## WHAT IS REQUIRED
Write all of the entries out again exactly, but not the images.

## DATASET RECORDS
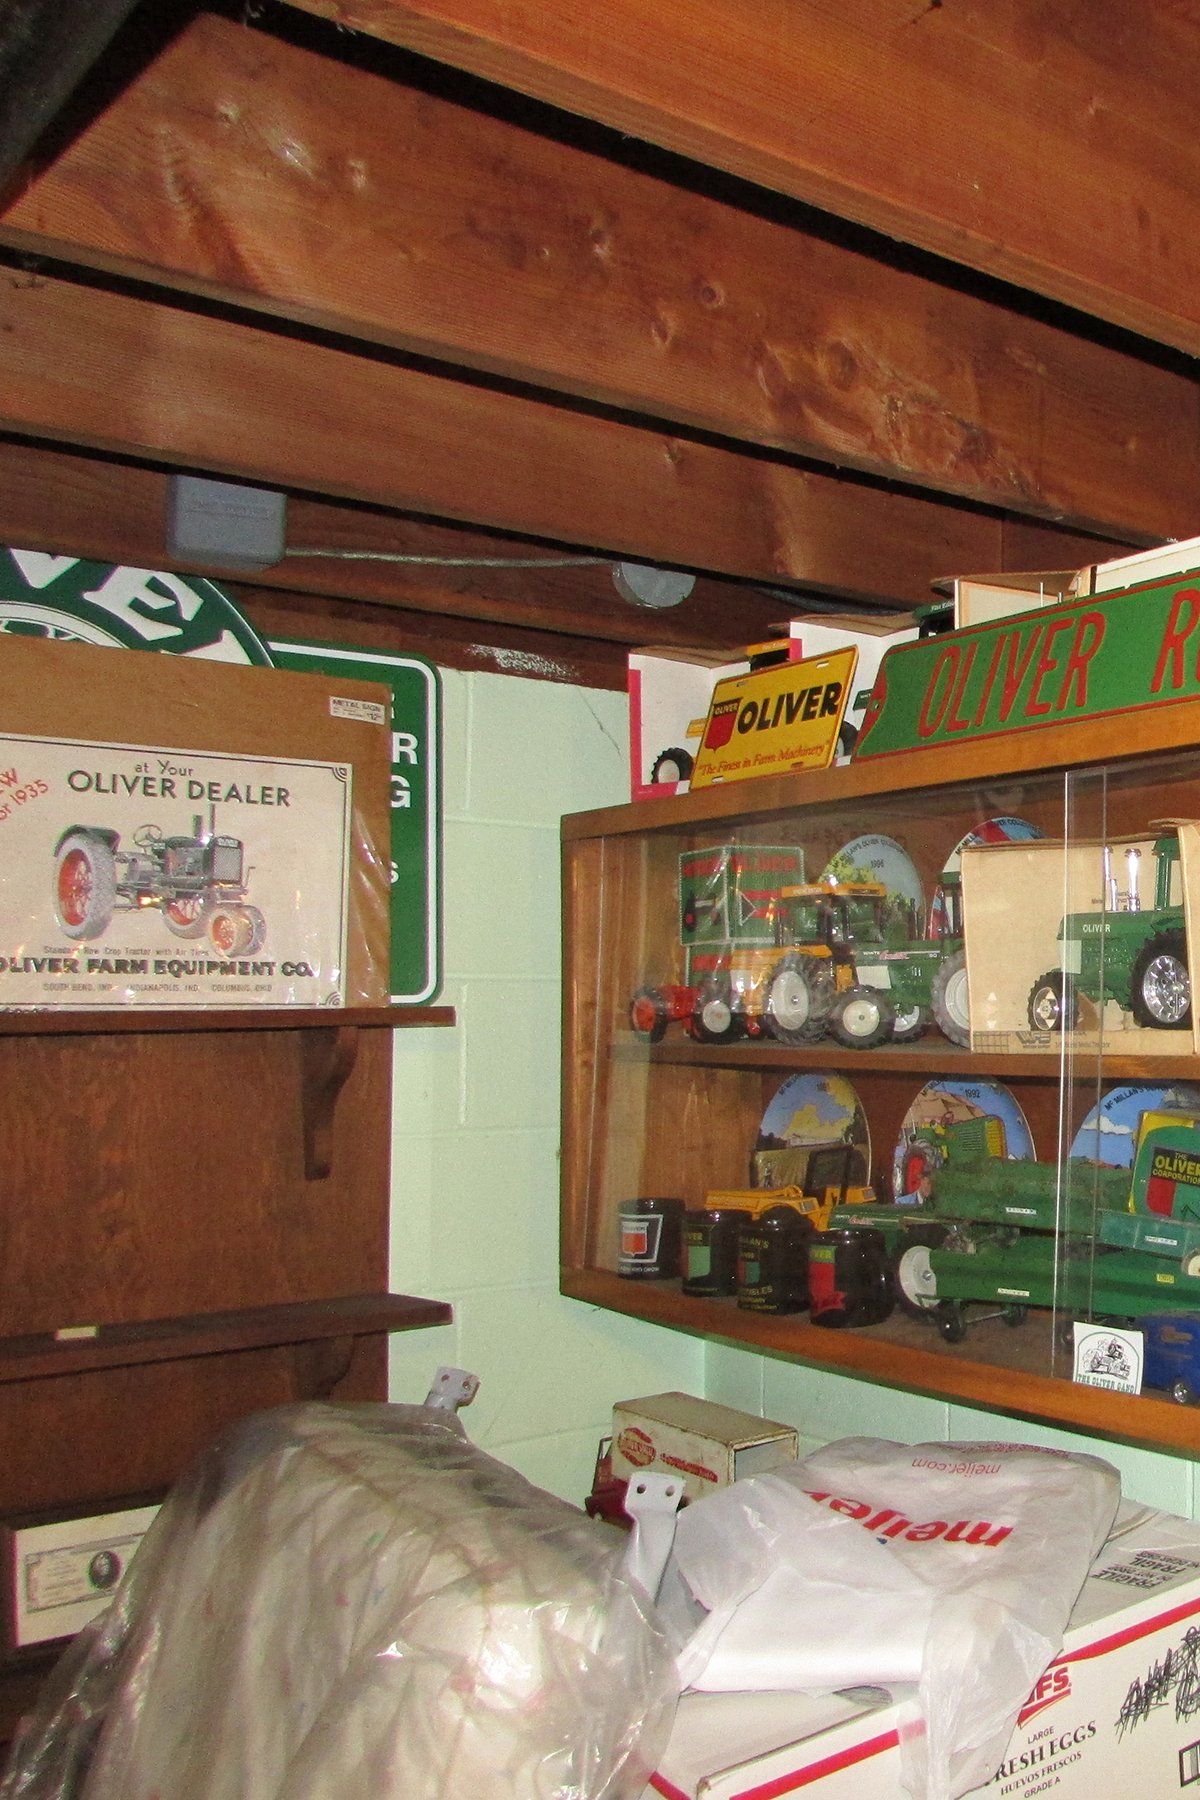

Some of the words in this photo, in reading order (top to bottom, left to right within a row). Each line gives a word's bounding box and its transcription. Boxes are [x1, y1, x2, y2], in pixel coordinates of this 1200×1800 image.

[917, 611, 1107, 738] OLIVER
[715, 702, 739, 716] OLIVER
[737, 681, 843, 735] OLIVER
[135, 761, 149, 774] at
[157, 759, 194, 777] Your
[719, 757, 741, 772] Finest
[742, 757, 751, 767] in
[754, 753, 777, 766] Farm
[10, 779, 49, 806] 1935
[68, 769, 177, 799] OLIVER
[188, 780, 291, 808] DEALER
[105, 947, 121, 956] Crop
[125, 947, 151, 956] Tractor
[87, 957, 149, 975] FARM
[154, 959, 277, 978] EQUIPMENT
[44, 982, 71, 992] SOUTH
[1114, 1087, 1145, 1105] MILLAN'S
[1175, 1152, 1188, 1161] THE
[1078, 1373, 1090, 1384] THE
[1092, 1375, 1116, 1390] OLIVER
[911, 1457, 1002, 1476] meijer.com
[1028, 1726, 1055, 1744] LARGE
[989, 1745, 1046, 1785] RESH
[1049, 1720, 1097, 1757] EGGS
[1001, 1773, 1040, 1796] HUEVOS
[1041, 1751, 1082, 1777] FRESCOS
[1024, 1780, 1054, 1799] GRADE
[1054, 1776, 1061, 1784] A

## TASK RESULT
Some of the words in this photo, in reading order (top to bottom, left to right within a row). Each line gives a word's bounding box and its transcription. Boxes are [x1, y1, x2, y2], in pixel coordinates of this 1200×1800 image.

[917, 611, 1107, 738] OLIVER
[715, 702, 739, 716] OLIVER
[737, 681, 843, 735] OLIVER
[135, 761, 149, 774] at
[157, 759, 194, 777] Your
[719, 757, 741, 772] Finest
[742, 757, 751, 767] in
[754, 753, 777, 766] Farm
[10, 779, 49, 806] 1935
[68, 769, 177, 799] OLIVER
[188, 780, 291, 808] DEALER
[105, 947, 121, 956] Crop
[125, 947, 151, 956] Tractor
[87, 957, 149, 975] FARM
[154, 959, 277, 978] EQUIPMENT
[44, 982, 71, 992] SOUTH
[1114, 1087, 1145, 1105] MILLAN'S
[1175, 1152, 1188, 1161] THE
[1078, 1373, 1090, 1384] THE
[1092, 1375, 1116, 1390] OLIVER
[911, 1457, 1002, 1476] meijer.com
[1028, 1726, 1055, 1744] LARGE
[989, 1745, 1046, 1785] RESH
[1049, 1720, 1097, 1757] EGGS
[1001, 1773, 1040, 1796] HUEVOS
[1041, 1751, 1082, 1777] FRESCOS
[1024, 1780, 1054, 1799] GRADE
[1054, 1776, 1061, 1784] A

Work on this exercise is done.